Eight thousand people have signed ERALTN’s petition. March organisers say they ran out of stickers for attendees when turnout reached 2000; some estimated total turnout at over 2,500. Campaigners held homemade signs with slogans including “residents are not rats!” (as in rat-running) and “Ealing: Queen of the Bollards”.

Ealing Central and Acton MP Rupa Huq wrote to Ealing Council’s transport planning service manager shortly before the protest about her fears that LTNs had been “poorly thought through and rushed”. Her letter raised 12 questions, including the rationale for LTNs’ location, the timing of the consultation period, the criteria for the trial’s success or failure and who will judge this, and about emergency services and equality impact assessments.

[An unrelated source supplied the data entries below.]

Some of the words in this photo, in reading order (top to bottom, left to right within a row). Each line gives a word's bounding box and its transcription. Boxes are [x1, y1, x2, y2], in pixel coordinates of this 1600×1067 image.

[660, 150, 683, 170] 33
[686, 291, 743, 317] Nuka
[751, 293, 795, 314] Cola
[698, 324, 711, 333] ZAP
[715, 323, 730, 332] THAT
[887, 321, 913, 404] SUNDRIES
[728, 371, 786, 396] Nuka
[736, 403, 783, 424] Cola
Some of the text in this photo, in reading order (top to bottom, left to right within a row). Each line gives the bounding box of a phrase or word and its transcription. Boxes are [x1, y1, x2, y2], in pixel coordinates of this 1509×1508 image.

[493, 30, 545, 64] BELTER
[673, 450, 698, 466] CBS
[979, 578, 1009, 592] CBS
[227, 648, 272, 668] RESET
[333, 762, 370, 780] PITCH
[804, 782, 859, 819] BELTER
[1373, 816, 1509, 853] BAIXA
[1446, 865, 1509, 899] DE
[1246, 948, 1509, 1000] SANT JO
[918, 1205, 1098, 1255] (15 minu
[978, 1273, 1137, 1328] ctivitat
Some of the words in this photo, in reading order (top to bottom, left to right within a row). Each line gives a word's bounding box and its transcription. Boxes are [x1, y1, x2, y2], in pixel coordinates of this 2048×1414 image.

Among marchers On London spoke to, Catherine, who has young children, lives two roads away from her parents in West Ealing and says picking up her elderly father now involves a “convoluted” journey. Ricky, who works at Jay’s Superstore nearby, says: “It affects all residents. It takes me a long time to get to work. At 7.30 a.m. I’m stuck [nearby] in traffic for half an hour.”

Kate, on the march with husband Mike, who is a wheelchair-user, says LTN road changes have caused “a traffic jam practically throughout the day” where they live in Boston Manor, just over the border in Hounslow. “The main thing is that it’s totally undemocratic,” she says.

Rose Williams, wheeling a bike, says the policy is based on “an assumption – no evidence for it – that more people are going to drive to work” as a result of the pandemic.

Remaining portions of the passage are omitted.